---------- SUPPLIED RECORDS

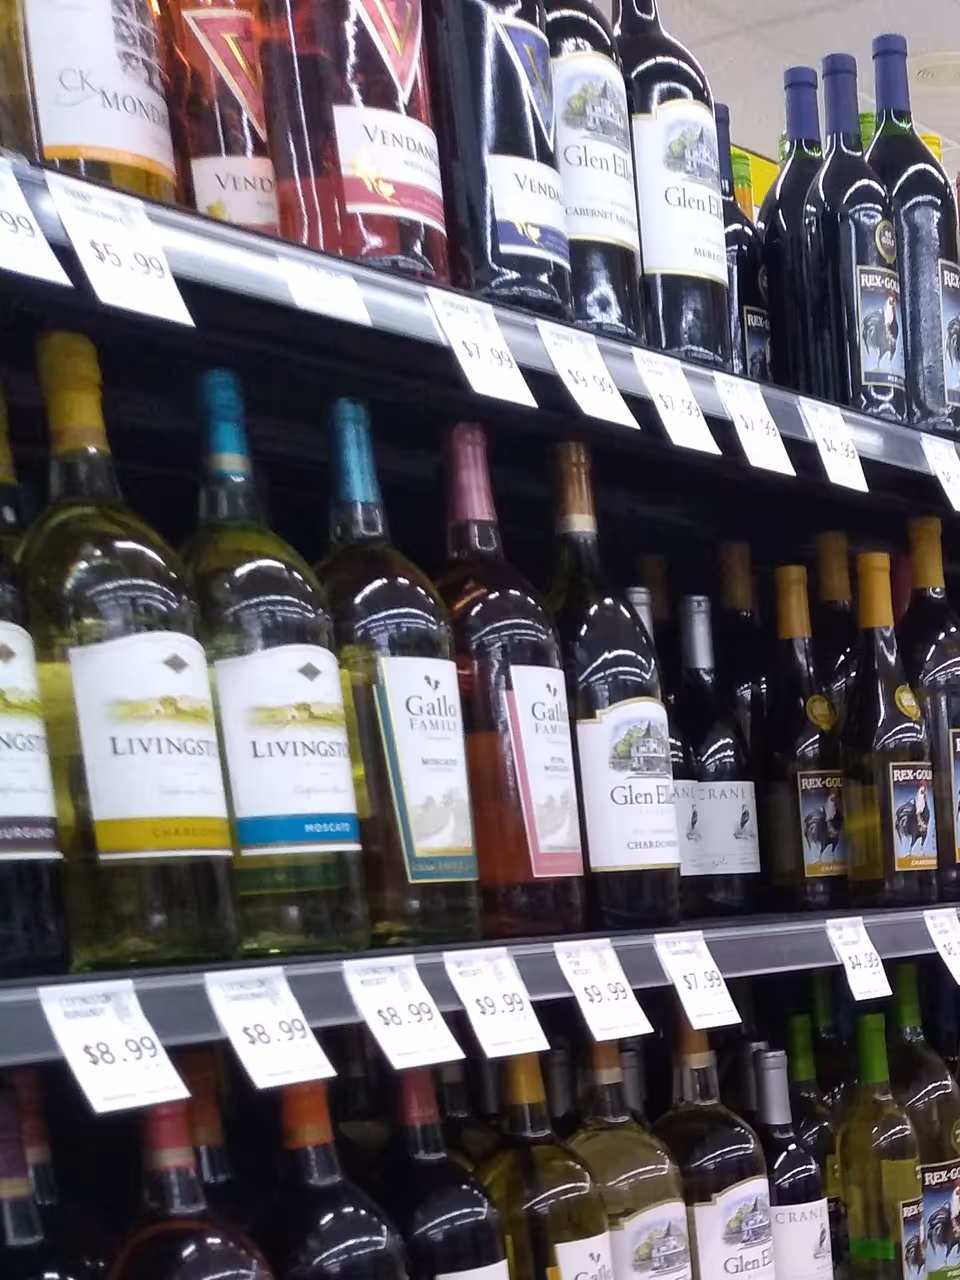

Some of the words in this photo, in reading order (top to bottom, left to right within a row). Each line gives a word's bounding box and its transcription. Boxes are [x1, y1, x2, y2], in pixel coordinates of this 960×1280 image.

[563, 144, 611, 171] Glen
[664, 186, 706, 210] Glen
[89, 237, 166, 281] $5.99
[461, 339, 514, 371] $7.99
[566, 368, 614, 396] $9.99
[658, 392, 702, 419] $7.99
[404, 693, 457, 718] Gallo
[609, 783, 654, 806] Glen
[583, 981, 628, 1005] $9.99
[682, 969, 722, 991] $7.99
[377, 1001, 434, 1027] $8.99
[475, 992, 525, 1017] $9.99
[242, 1018, 308, 1046] $8.99
[83, 1035, 158, 1066] $8.99
[723, 1256, 760, 1276] Glen
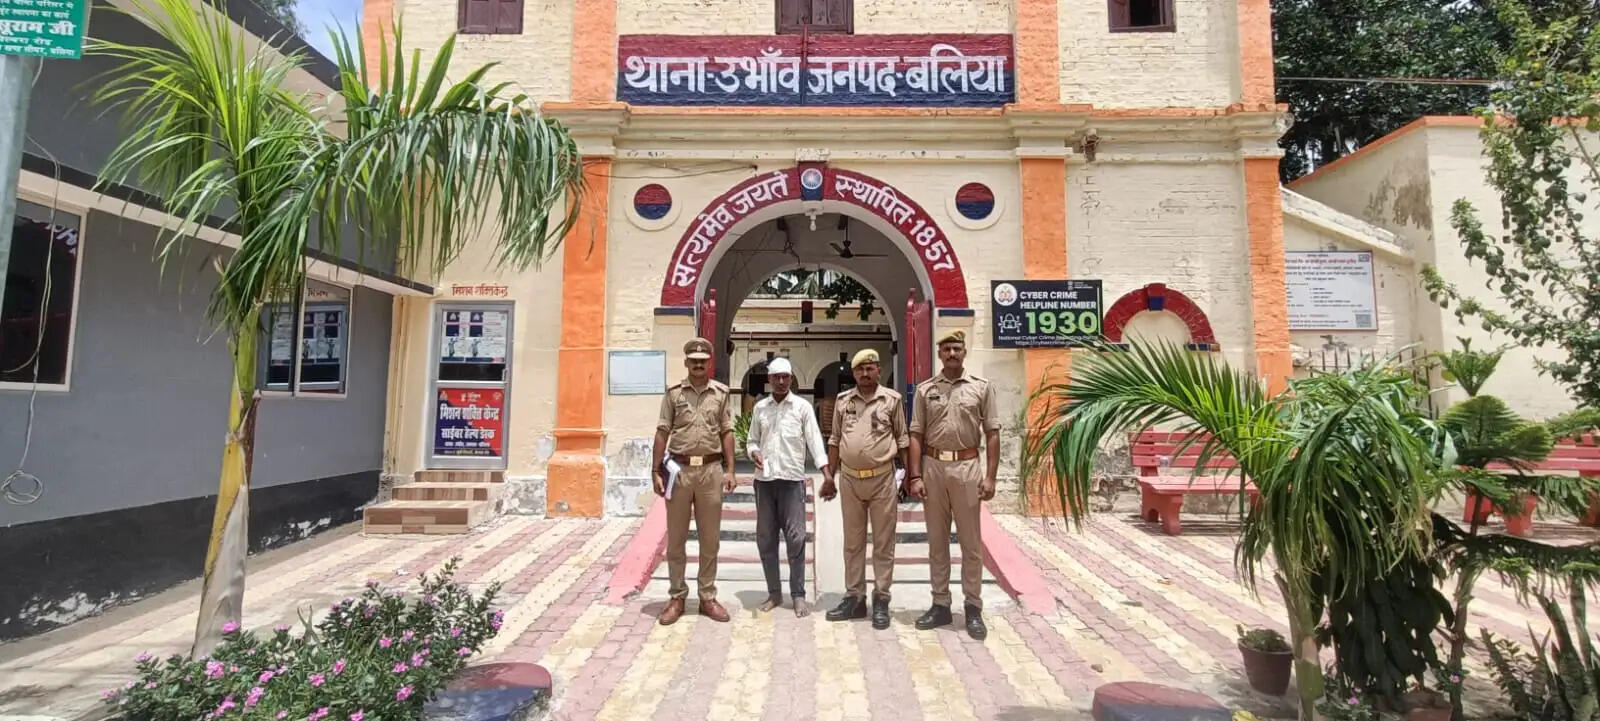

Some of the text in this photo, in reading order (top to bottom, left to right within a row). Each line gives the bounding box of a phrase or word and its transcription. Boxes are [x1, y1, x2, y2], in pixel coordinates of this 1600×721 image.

[48, 21, 77, 36] जी
[671, 171, 790, 287] सत्यमेव जयते
[1019, 291, 1078, 300] CYBER CRIME
[1020, 301, 1097, 310] HELPLINE NUMBER
[1025, 311, 1098, 334] 1930
[440, 403, 461, 420] मिशन

--------------------

TASK DESCRIPTION: Skip the pictures, then retype every line above exactly.

WRITTEN ANSWER:
Some of the words in this photo, in reading order (top to bottom, left to right within a row). Each line gives a word's bounding box and its transcription. Boxes are [x1, y1, x2, y2], in pixel coordinates of this 960×1280 image.

[563, 144, 611, 171] Glen
[664, 186, 706, 210] Glen
[89, 237, 166, 281] $5.99
[461, 339, 514, 371] $7.99
[566, 368, 614, 396] $9.99
[658, 392, 702, 419] $7.99
[404, 693, 457, 718] Gallo
[609, 783, 654, 806] Glen
[583, 981, 628, 1005] $9.99
[682, 969, 722, 991] $7.99
[377, 1001, 434, 1027] $8.99
[475, 992, 525, 1017] $9.99
[242, 1018, 308, 1046] $8.99
[83, 1035, 158, 1066] $8.99
[723, 1256, 760, 1276] Glen

Some of the text in this photo, in reading order (top to bottom, left to right within a row). Each line gives the bounding box of a phrase or word and its transcription. Boxes are [x1, y1, x2, y2], in pixel coordinates of this 1600×721 image.

[48, 21, 77, 36] जी
[671, 171, 790, 287] सत्यमेव जयते
[1019, 291, 1078, 300] CYBER CRIME
[1020, 301, 1097, 310] HELPLINE NUMBER
[1025, 311, 1098, 334] 1930
[440, 403, 461, 420] मिशन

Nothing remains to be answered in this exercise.